IL1α antagonizes IL1β and promotes adaptive immune rejection of malignant tumors

We assessed the contribution of interleukin-1 (IL1) signaling molecules to malignant tumor growth, using IL1β-/-, IL1α-/-, and IL1R1-/- mice. Tumors grew progressively in IL1R-/- and IL1α-/- mice, but were often absent in IL1β-/- mice. This was observed whether tumors were implanted intradermally or injected intravenously and was true across multiple distinct tumor lineages.
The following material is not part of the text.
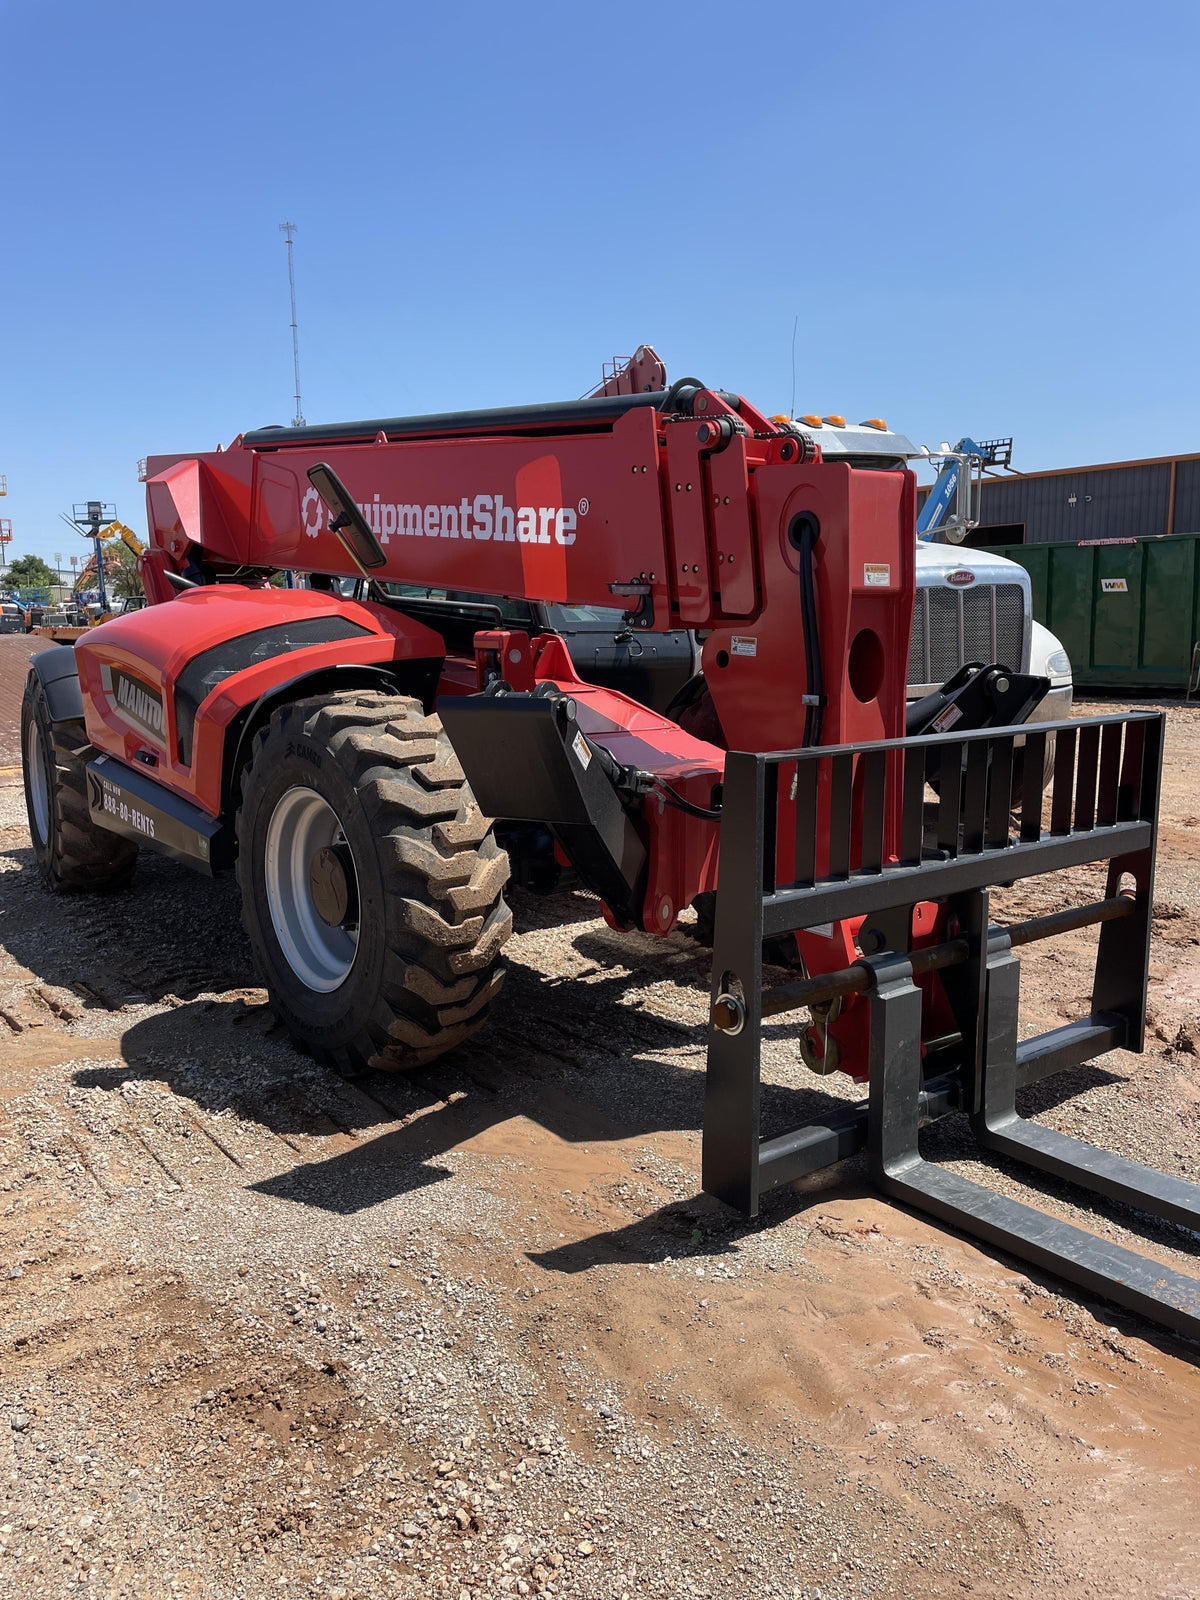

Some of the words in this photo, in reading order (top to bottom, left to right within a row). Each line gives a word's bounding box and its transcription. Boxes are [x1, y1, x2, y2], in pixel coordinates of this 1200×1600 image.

[327, 494, 577, 545] uipmentShare
[103, 780, 113, 792] CALL
[103, 793, 155, 838] 888-80-RENTS
Antibodies to IL1β prevented tumor growth in WT mice but not in IL1R1-/- or IL1α-/- mice. Antibodies to IL1α promoted tumor growth in IL1β-/- mice and reversed the tumor-suppressive effect of anti-IL1β in WT mice. Depletion of CD8+ T cells and blockade of lymphocyte mobilization abrogated the IL1β-/- tumor suppressive effect, as did crossing IL1β-/- mice to SCID or Rag1-/- mice. Finally, blockade of IL1β synergized with blockade of PD-1 to inhibit tumor growth in WT mice. These results suggest that IL1β promotes tumor growth whereas IL1α inhibits tumor growth by enhancing T cell-mediated antitumor immunity.